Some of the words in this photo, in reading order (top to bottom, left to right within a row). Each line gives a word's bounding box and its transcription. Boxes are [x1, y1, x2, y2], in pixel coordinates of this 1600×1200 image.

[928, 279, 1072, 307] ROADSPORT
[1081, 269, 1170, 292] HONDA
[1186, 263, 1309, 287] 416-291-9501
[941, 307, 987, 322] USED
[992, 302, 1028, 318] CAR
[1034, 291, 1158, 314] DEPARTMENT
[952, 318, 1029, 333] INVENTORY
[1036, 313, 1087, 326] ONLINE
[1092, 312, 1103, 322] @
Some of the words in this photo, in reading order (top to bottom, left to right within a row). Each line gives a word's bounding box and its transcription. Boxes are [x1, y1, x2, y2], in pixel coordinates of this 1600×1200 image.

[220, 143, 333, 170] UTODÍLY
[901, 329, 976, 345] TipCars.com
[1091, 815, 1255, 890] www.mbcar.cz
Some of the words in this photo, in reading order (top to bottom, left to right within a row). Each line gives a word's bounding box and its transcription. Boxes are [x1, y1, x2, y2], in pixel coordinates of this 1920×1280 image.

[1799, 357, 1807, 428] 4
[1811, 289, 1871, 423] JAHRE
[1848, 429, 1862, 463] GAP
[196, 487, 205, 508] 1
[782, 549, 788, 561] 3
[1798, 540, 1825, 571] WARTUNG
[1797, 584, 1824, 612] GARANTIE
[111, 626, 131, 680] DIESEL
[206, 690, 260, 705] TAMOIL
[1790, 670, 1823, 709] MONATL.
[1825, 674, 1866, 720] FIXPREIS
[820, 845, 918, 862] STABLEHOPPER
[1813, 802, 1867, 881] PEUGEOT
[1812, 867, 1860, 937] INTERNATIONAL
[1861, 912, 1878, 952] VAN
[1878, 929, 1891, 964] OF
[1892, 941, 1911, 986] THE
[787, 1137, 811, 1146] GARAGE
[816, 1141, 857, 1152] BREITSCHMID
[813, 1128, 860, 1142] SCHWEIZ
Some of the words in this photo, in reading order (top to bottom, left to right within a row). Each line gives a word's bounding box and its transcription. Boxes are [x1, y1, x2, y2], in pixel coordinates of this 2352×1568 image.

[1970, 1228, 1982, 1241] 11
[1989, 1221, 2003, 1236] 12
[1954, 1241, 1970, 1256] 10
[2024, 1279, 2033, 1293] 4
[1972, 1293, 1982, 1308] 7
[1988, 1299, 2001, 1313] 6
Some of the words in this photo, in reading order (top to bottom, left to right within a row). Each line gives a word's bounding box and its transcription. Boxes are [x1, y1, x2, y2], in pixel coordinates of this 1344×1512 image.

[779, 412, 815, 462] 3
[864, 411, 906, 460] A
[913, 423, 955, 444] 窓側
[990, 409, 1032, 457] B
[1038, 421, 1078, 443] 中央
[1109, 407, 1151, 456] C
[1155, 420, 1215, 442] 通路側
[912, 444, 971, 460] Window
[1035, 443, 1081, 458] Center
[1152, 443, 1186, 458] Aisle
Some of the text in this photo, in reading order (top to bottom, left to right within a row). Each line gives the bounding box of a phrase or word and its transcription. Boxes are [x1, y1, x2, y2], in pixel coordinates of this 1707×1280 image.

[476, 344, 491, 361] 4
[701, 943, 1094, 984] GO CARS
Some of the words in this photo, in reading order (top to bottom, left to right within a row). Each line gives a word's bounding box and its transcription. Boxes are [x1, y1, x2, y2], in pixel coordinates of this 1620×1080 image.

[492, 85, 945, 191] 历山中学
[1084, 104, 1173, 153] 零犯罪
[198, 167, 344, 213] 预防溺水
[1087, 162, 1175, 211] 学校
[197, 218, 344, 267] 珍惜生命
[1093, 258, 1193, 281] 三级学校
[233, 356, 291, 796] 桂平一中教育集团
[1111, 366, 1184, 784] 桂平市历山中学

» **Aim of the task**: Copy all of the data exactly.

» **Answer to the problem**:
Some of the words in this photo, in reading order (top to bottom, left to right within a row). Each line gives a word's bounding box and its transcription. Boxes are [x1, y1, x2, y2], in pixel coordinates of this 1600×1200 image.

[928, 279, 1072, 307] ROADSPORT
[1081, 269, 1170, 292] HONDA
[1186, 263, 1309, 287] 416-291-9501
[941, 307, 987, 322] USED
[992, 302, 1028, 318] CAR
[1034, 291, 1158, 314] DEPARTMENT
[952, 318, 1029, 333] INVENTORY
[1036, 313, 1087, 326] ONLINE
[1092, 312, 1103, 322] @
Some of the words in this photo, in reading order (top to bottom, left to right within a row). Each line gives a word's bounding box and its transcription. Boxes are [x1, y1, x2, y2], in pixel coordinates of this 1600×1200 image.

[220, 143, 333, 170] UTODÍLY
[901, 329, 976, 345] TipCars.com
[1091, 815, 1255, 890] www.mbcar.cz
Some of the words in this photo, in reading order (top to bottom, left to right within a row). Each line gives a word's bounding box and its transcription. Boxes are [x1, y1, x2, y2], in pixel coordinates of this 1920×1280 image.

[1799, 357, 1807, 428] 4
[1811, 289, 1871, 423] JAHRE
[1848, 429, 1862, 463] GAP
[196, 487, 205, 508] 1
[782, 549, 788, 561] 3
[1798, 540, 1825, 571] WARTUNG
[1797, 584, 1824, 612] GARANTIE
[111, 626, 131, 680] DIESEL
[206, 690, 260, 705] TAMOIL
[1790, 670, 1823, 709] MONATL.
[1825, 674, 1866, 720] FIXPREIS
[820, 845, 918, 862] STABLEHOPPER
[1813, 802, 1867, 881] PEUGEOT
[1812, 867, 1860, 937] INTERNATIONAL
[1861, 912, 1878, 952] VAN
[1878, 929, 1891, 964] OF
[1892, 941, 1911, 986] THE
[787, 1137, 811, 1146] GARAGE
[816, 1141, 857, 1152] BREITSCHMID
[813, 1128, 860, 1142] SCHWEIZ
Some of the words in this photo, in reading order (top to bottom, left to right within a row). Each line gives a word's bounding box and its transcription. Boxes are [x1, y1, x2, y2], in pixel coordinates of this 2352×1568 image.

[1970, 1228, 1982, 1241] 11
[1989, 1221, 2003, 1236] 12
[1954, 1241, 1970, 1256] 10
[2024, 1279, 2033, 1293] 4
[1972, 1293, 1982, 1308] 7
[1988, 1299, 2001, 1313] 6
Some of the words in this photo, in reading order (top to bottom, left to right within a row). Each line gives a word's bounding box and its transcription. Boxes are [x1, y1, x2, y2], in pixel coordinates of this 1344×1512 image.

[779, 412, 815, 462] 3
[864, 411, 906, 460] A
[913, 423, 955, 444] 窓側
[990, 409, 1032, 457] B
[1038, 421, 1078, 443] 中央
[1109, 407, 1151, 456] C
[1155, 420, 1215, 442] 通路側
[912, 444, 971, 460] Window
[1035, 443, 1081, 458] Center
[1152, 443, 1186, 458] Aisle
Some of the text in this photo, in reading order (top to bottom, left to right within a row). Each line gives the bounding box of a phrase or word and its transcription. Boxes are [x1, y1, x2, y2], in pixel coordinates of this 1707×1280 image.

[476, 344, 491, 361] 4
[701, 943, 1094, 984] GO CARS
Some of the words in this photo, in reading order (top to bottom, left to right within a row). Each line gives a word's bounding box and its transcription. Boxes are [x1, y1, x2, y2], in pixel coordinates of this 1620×1080 image.

[492, 85, 945, 191] 历山中学
[1084, 104, 1173, 153] 零犯罪
[198, 167, 344, 213] 预防溺水
[1087, 162, 1175, 211] 学校
[197, 218, 344, 267] 珍惜生命
[1093, 258, 1193, 281] 三级学校
[233, 356, 291, 796] 桂平一中教育集团
[1111, 366, 1184, 784] 桂平市历山中学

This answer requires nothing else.